Depuis que vous écrivez, vous alternez thriller, avec vos personnages de prédilection, et enquête, avec de nouveaux personnages, qui vont davantage sonder les méandres de l’âme humaine. Pourquoi, selon vous, est-ce le bon équilibre ?
F. T. - Alterner entre une série avec des personnages récurrents et des romans indépendants me permet de garder une totale liberté de création. J’adore écrire des histoires avec Sharko et Henebelle, mais ce sont des récits qui imposent une forme de contrainte. L’histoire doit être purement policière, avec un crime et une enquête. Les one shot, eux, permettent d’explorer d’autres formes de récit : huis clos, suspense psychologique, terreur… Pour Labyrinthes par exemple, la forme de la narration est déstructurée, atypique, ce qui donne vraiment au lecteur l’impression de s’enfoncer dans un dédale.
Dans plusieurs de vos romans, on trouve des scènes marquantes, à la limite du supportable parfois. Fin éprouvante, face-à-face glaçants ou découvertes macabres, le lecteur ne peut rester de marbre. Et vous, que ressentez-vous en les écrivant ?
F. T. - J’aime beaucoup écrire ce genre de scènes car je sais qu’elles vont convoquer la peur, le frisson ou d’autres émotions fortes chez le lecteur. À l’écriture, on sent qu’une scène va fonctionner, qu’elle va prendre aux tripes et je crois que c’est ce que recherchent les gens qui lisent mes livres. Elles sont plus faciles à écrire pour moi que celles où les personnages vont manger au restaurant ou sont tranquillement enfoncés dans leur canapé : dans ces moments-là, je n’ai rien à raconter !

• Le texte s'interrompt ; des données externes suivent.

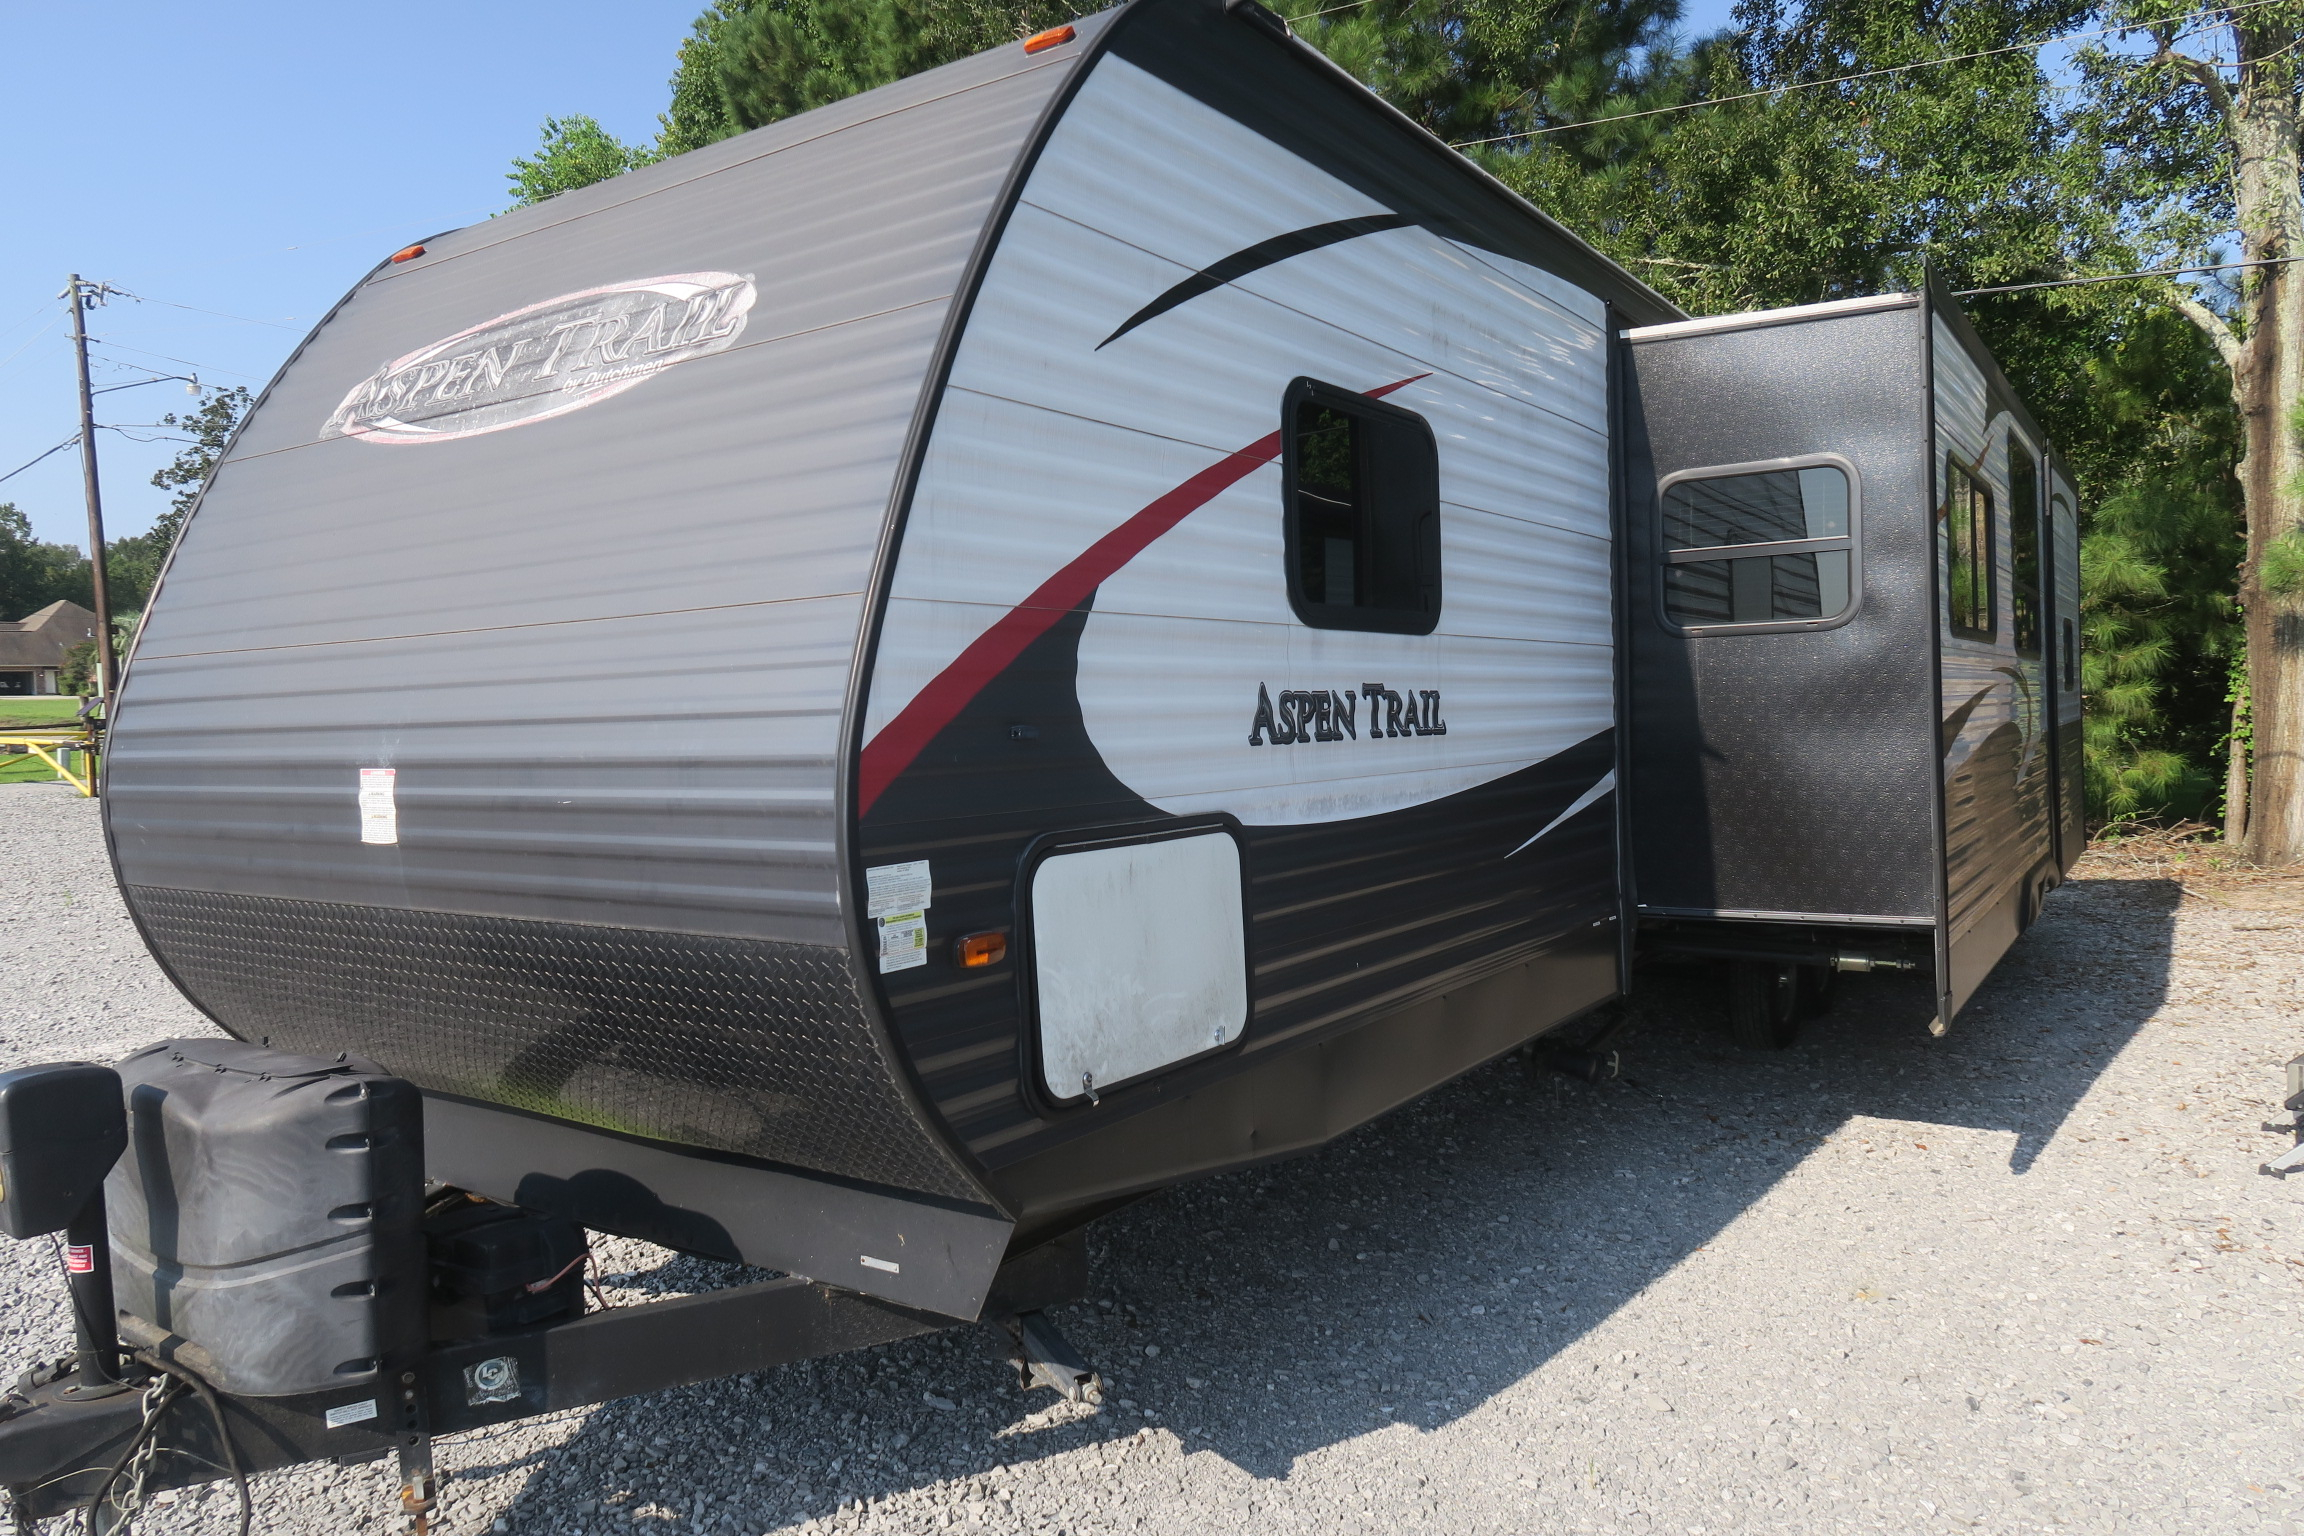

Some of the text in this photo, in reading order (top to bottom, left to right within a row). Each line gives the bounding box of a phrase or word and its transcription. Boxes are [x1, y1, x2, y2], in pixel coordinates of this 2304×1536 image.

[330, 281, 746, 426] ASPEN TRAIL
[561, 358, 665, 394] by Dutchmen
[1248, 681, 1447, 746] ASPEN TRAIL

Existe-il des sujets sur lesquels vous rêvez d’écrire mais qui vous semblent trop complexes, vastes ou déstabilisants pour les aborder ?
F. T. - Le polar est le genre qui permet d’écrire sur tout, c’est sa force. Je crois qu’on peut parler de tous les sujets, même très durs, à partir du moment où on garde en tête qu’une lecture doit avant tout rester un moment de plaisir. Ça peut sembler paradoxal mais la plupart des lecteurs de polars aiment convoquer la peur car c’est une peur qu’ils maîtrisent : on referme le livre et elle disparaît. Mon dernier roman, La Faille, traite de la mort sous tous les angles, il parle de fin de vie et est jonché de cadavres. Sujet complexe et délicat, et pourtant, les lecteurs en redemandent. Sans doute parce que l’histoire suscite de nombreuses émotions qui donnent à ce grave sujet un caractère romanesque et invite à une réflexion sur notre société.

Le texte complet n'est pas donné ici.